#### [Exercise objective]
Print every record exactly.

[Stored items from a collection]
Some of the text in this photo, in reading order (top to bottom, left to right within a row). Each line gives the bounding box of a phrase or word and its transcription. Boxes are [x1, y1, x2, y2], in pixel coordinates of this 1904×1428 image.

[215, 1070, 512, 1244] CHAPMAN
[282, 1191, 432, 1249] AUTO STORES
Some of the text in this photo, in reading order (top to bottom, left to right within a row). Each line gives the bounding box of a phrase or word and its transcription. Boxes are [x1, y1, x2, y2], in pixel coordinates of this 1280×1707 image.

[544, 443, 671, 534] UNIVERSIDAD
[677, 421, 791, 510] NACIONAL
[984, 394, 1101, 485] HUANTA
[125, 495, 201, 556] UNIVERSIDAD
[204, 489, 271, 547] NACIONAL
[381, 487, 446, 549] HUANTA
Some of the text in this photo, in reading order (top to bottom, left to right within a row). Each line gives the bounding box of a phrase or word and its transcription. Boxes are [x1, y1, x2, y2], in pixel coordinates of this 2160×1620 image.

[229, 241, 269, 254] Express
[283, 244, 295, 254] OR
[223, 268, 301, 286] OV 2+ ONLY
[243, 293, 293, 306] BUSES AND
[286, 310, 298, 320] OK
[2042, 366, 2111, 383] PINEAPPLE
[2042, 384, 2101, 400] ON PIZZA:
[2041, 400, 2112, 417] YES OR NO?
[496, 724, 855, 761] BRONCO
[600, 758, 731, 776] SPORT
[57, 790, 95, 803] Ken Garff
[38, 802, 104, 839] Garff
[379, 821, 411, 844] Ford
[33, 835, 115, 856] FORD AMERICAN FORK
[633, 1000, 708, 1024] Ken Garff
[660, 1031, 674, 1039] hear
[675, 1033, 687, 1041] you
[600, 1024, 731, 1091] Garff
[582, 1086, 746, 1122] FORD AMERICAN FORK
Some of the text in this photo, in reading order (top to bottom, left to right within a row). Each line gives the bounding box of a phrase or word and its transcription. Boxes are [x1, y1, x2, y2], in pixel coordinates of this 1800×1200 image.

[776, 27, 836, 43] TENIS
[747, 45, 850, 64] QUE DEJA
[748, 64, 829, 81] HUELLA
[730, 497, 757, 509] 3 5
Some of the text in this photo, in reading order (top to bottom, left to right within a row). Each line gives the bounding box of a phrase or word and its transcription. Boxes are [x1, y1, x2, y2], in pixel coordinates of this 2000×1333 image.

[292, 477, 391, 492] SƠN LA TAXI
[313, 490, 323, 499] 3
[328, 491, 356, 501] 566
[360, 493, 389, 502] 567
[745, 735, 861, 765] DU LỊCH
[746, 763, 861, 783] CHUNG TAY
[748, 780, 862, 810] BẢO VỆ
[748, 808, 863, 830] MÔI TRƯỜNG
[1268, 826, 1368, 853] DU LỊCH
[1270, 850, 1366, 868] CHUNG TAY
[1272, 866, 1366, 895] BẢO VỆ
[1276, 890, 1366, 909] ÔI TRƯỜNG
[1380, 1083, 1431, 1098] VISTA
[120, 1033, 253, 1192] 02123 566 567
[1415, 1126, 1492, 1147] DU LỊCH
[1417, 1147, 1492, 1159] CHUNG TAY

#### [Written response]
Some of the text in this photo, in reading order (top to bottom, left to right within a row). Each line gives the bounding box of a phrase or word and its transcription. Boxes are [x1, y1, x2, y2], in pixel coordinates of this 1904×1428 image.

[215, 1070, 512, 1244] CHAPMAN
[282, 1191, 432, 1249] AUTO STORES
Some of the text in this photo, in reading order (top to bottom, left to right within a row). Each line gives the bounding box of a phrase or word and its transcription. Boxes are [x1, y1, x2, y2], in pixel coordinates of this 1280×1707 image.

[544, 443, 671, 534] UNIVERSIDAD
[677, 421, 791, 510] NACIONAL
[984, 394, 1101, 485] HUANTA
[125, 495, 201, 556] UNIVERSIDAD
[204, 489, 271, 547] NACIONAL
[381, 487, 446, 549] HUANTA
Some of the text in this photo, in reading order (top to bottom, left to right within a row). Each line gives the bounding box of a phrase or word and its transcription. Boxes are [x1, y1, x2, y2], in pixel coordinates of this 2160×1620 image.

[229, 241, 269, 254] Express
[283, 244, 295, 254] OR
[223, 268, 301, 286] OV 2+ ONLY
[243, 293, 293, 306] BUSES AND
[286, 310, 298, 320] OK
[2042, 366, 2111, 383] PINEAPPLE
[2042, 384, 2101, 400] ON PIZZA:
[2041, 400, 2112, 417] YES OR NO?
[496, 724, 855, 761] BRONCO
[600, 758, 731, 776] SPORT
[57, 790, 95, 803] Ken Garff
[38, 802, 104, 839] Garff
[379, 821, 411, 844] Ford
[33, 835, 115, 856] FORD AMERICAN FORK
[633, 1000, 708, 1024] Ken Garff
[660, 1031, 674, 1039] hear
[675, 1033, 687, 1041] you
[600, 1024, 731, 1091] Garff
[582, 1086, 746, 1122] FORD AMERICAN FORK
Some of the text in this photo, in reading order (top to bottom, left to right within a row). Each line gives the bounding box of a phrase or word and its transcription. Boxes are [x1, y1, x2, y2], in pixel coordinates of this 1800×1200 image.

[776, 27, 836, 43] TENIS
[747, 45, 850, 64] QUE DEJA
[748, 64, 829, 81] HUELLA
[730, 497, 757, 509] 3 5
Some of the text in this photo, in reading order (top to bottom, left to right within a row). Each line gives the bounding box of a phrase or word and its transcription. Boxes are [x1, y1, x2, y2], in pixel coordinates of this 2000×1333 image.

[292, 477, 391, 492] SƠN LA TAXI
[313, 490, 323, 499] 3
[328, 491, 356, 501] 566
[360, 493, 389, 502] 567
[745, 735, 861, 765] DU LỊCH
[746, 763, 861, 783] CHUNG TAY
[748, 780, 862, 810] BẢO VỆ
[748, 808, 863, 830] MÔI TRƯỜNG
[1268, 826, 1368, 853] DU LỊCH
[1270, 850, 1366, 868] CHUNG TAY
[1272, 866, 1366, 895] BẢO VỆ
[1276, 890, 1366, 909] ÔI TRƯỜNG
[1380, 1083, 1431, 1098] VISTA
[120, 1033, 253, 1192] 02123 566 567
[1415, 1126, 1492, 1147] DU LỊCH
[1417, 1147, 1492, 1159] CHUNG TAY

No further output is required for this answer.